Brouillage des limites et minorités disjonctives

Nombreux sont les analystes de la mondialisation contemporaine qui ont suggéré des variantes des couples liquide/solide ou déterritorialisation/reterritorialisation. Mais Arjun Appadurai, anthropologue indien qui s’est fait connaître par des réflexions originales sur le postcolonialisme, suggère de prendre en considération le couple vertébré/cellulaire plutôt que le couple solide/liquide. Dans un entretien publié dans Esprit, il met l’accent sur le rôle des minorités actives. Ce qui renvoie aussi bien à des groupes terroristes, mafieux, ethniques qu’à des institutions off shore (banques spécialisées dans le blanchiment).
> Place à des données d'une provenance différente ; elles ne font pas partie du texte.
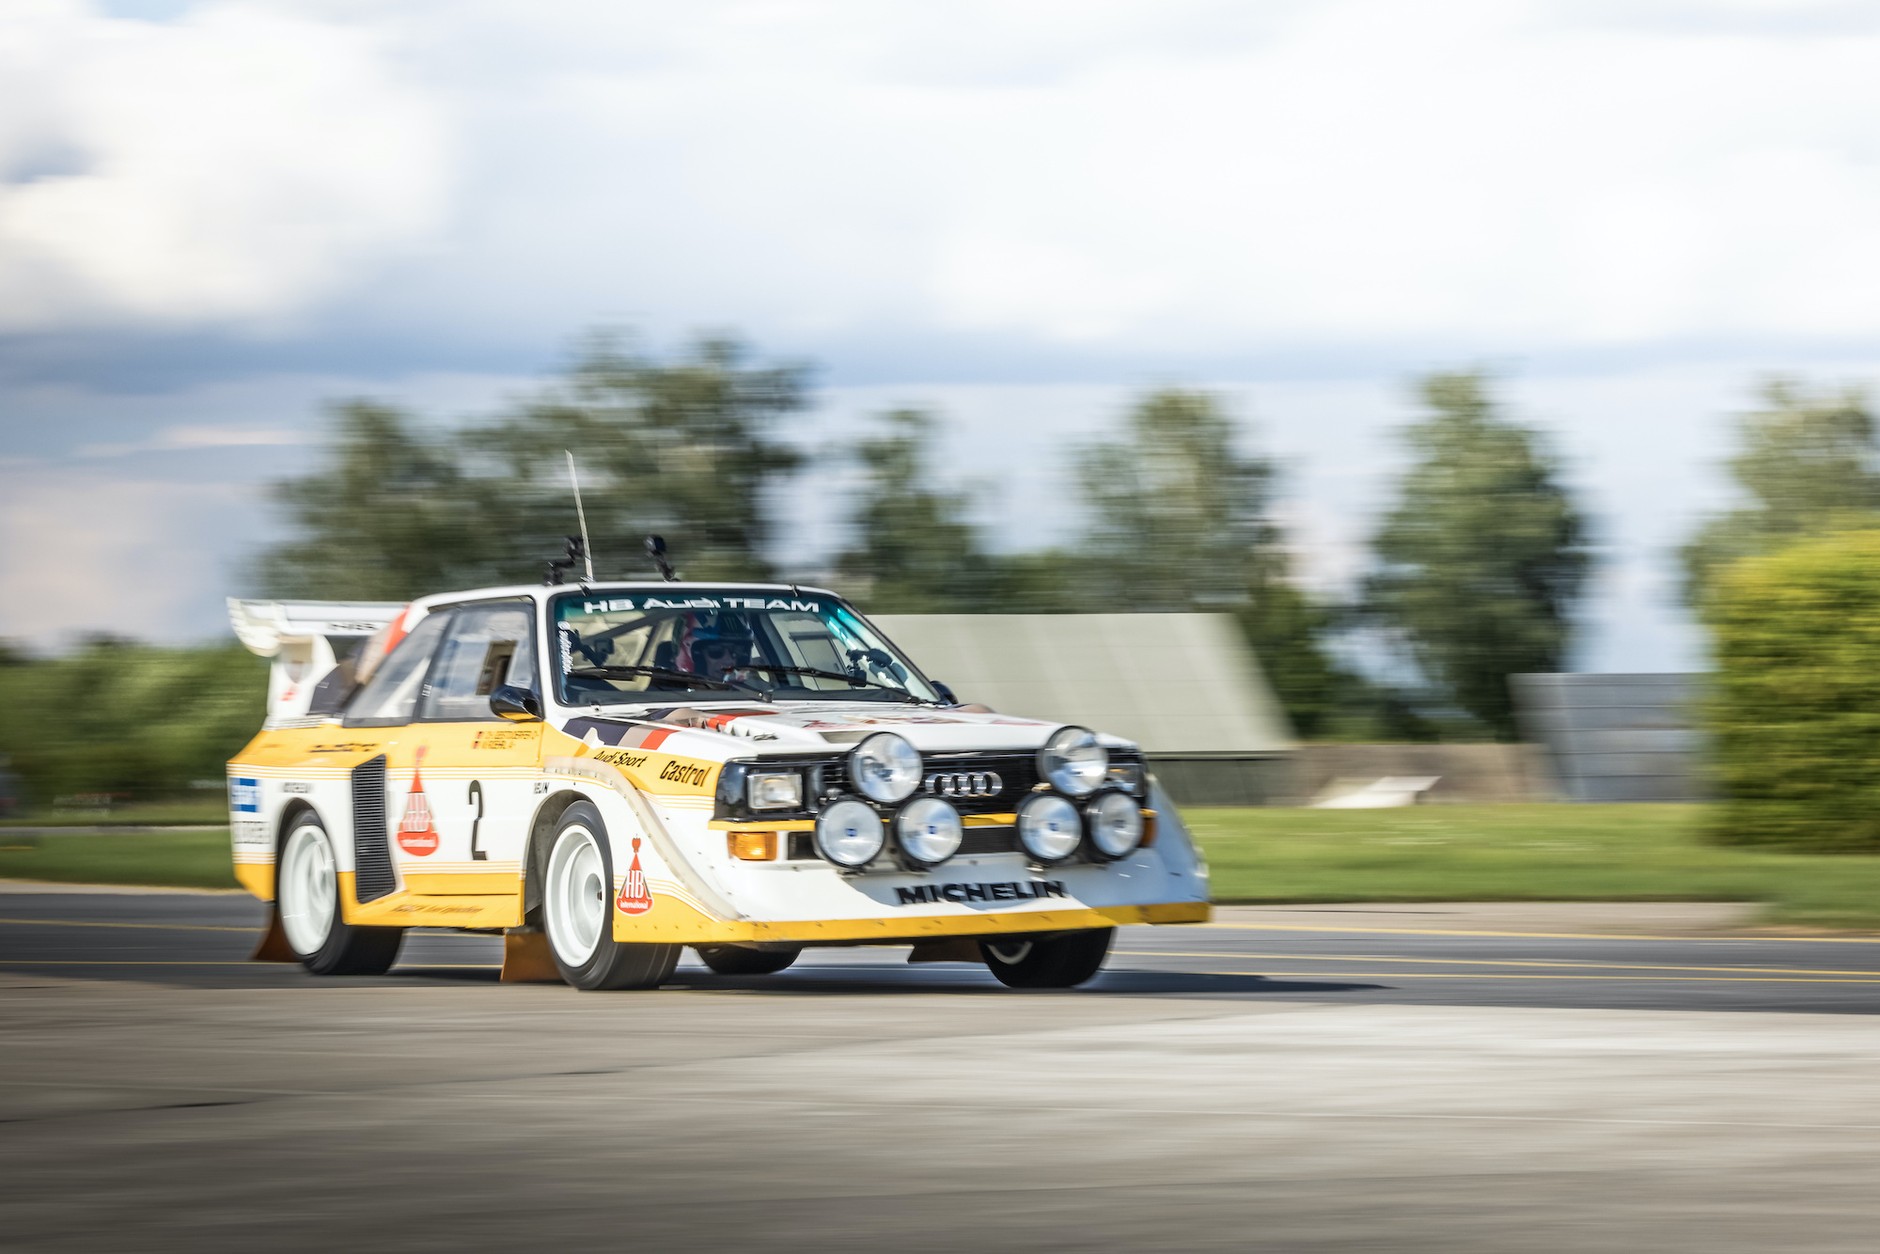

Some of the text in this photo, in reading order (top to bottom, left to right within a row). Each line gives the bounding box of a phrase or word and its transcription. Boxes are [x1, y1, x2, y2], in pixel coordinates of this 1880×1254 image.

[584, 601, 635, 614] HB
[723, 598, 820, 613] TEAM
[593, 750, 648, 767] Audi Sport
[659, 760, 712, 787] Castrol
[469, 780, 487, 860] 2
[625, 870, 645, 898] HB
[893, 880, 1068, 905] MICHELIN
Il me semble approprié d’associer les éléments de contingence, d’ubiquité et de manque de fiabilité sociale au terme « liquidité ». Mais l’existence de flux n’empêche pas les blocages, à l’image des digues qui contiennent les eaux d’un fleuve ; on observe des obstacles, des interstices dans lesquels l’eau ne peut pas s’infiltrer […] J’aime beaucoup la métaphore. Moi-même j’emprunte certains termes aux sciences physiques : l’énergie, le flux, le mélange, l’hybridité, la combustibilité, l’explosion. Mais je crois qu’il y a d’autres conditions, bien réelles qui ne sont pas assez liquides. Ne restons pas dans la topographie surannée et déterministe de Marx pour qui le solide est dessous et le liquide dessus. Tâchons de trouver une nouvelle loi physique pour décrire les états liquides ou solides de la modernité, tout n’est pas solide, tout n’est pas liquide, tout n’est pas gazeux ; cela circule et se trouve en interaction15.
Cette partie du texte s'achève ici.